Nor can most Muslims imagine that God’s will can be adequately known for the purpose of ordering society without reference to the revelation that is particular to and definitive of their religion.

Nor finally can most Muslims imagine a social world organized on the basis of a public discussion that regards all religious views as possessing an equal right to participate. For most Muslims it is self-evident that Islam, or their version of Islam, should have a privileged place in the public sphere since it is the sole complete representative of the will of God.

Understanding this will help us better understand groups like the Muslim Brotherhood, or al-Qaeda or Hezbollah or even Turkey’s Justice and Development Party better. These parties are not problematic because they represent particular policies and behaviors that their rivals or victims dislike. That is true of all modern political parties and movements.

The problem with each of these is that it doesn’t imagine itself as one among many choices for Muslims and non-Muslims. It imagines itself as the sole truly Islamic choice, and indeed the sole legitimate ordering power in human society. Put another way, it appears that these groups can ultimately only imagine a single-party Muslim state. That each of these may be forced temporarily to “share power,” whether with other Muslim parties or with non-religious political parties is simply a pragmatic arrangement, not a commitment to pluralist democracy in which all voices always have equal access to the public square.

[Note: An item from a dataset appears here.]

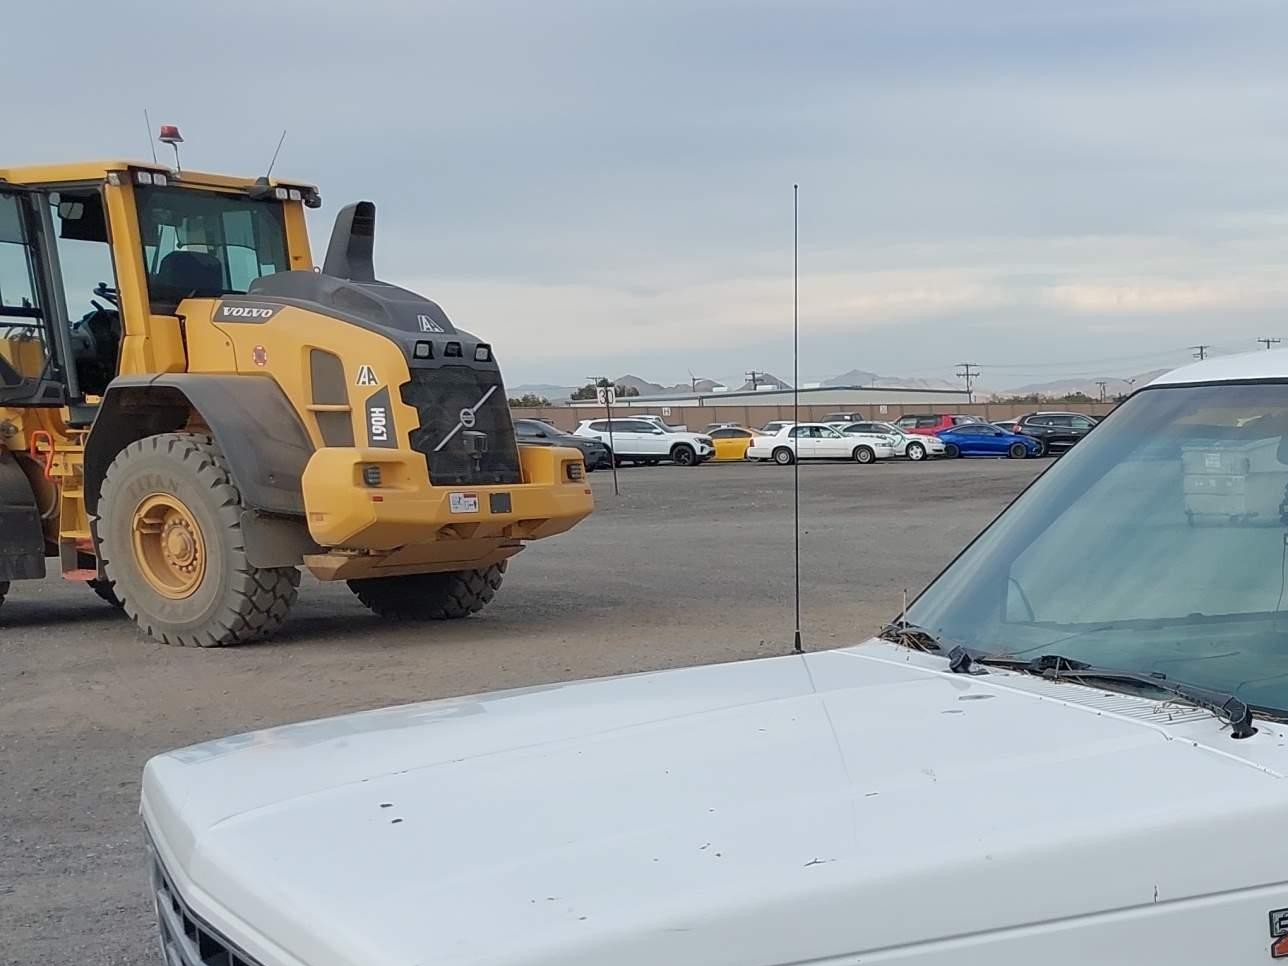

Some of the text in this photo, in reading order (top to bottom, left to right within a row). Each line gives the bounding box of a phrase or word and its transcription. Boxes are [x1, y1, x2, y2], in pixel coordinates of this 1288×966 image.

[223, 306, 273, 319] VOLVO
[598, 388, 614, 405] 30
[370, 407, 388, 441] L90H

But these parties and movements by no means represent all Muslims, or even a majority of Muslims. We do find among many Muslims, and even broadly in some Muslim societies, a recognition that a religiously plural society cannot be governed effectively if one particular religion or sect has a privileged place in public discourse. Malaysia, Indonesia, and Turkey (as well as countries with Muslim minorities) are laboratories where the chemistry of this modern idea in political life is being vigorously, even explosively, explored. Popular Muslim writers and speakers like Tariq Ramadan have forcefully asserted the need for a modern Muslim understanding of the relationship of religion to public discourse and the ordering of modern societies.

This is a great challenge for inter-religious dialogue in existing pluralist democracies. What is at stake in our dialogue is not just achieving mutual understanding of sometimes starkly different beliefs. It is also coming to some consensus about the basis on which our future as pluralist democracies can unfold. It is a dialogue in the midst of different social imaginaries about a shared social imaginary.

Modern democracy is not by any means simply a commitment to abide by the will of the majority and respect the rights of minorities. It depends on a commitment by all participants to always allow all voices an equal place in public discourse on the fundamental assumption that the wisest possible ordering of society is revealed not in sacred books, but in free and open dialogue of committed citizens.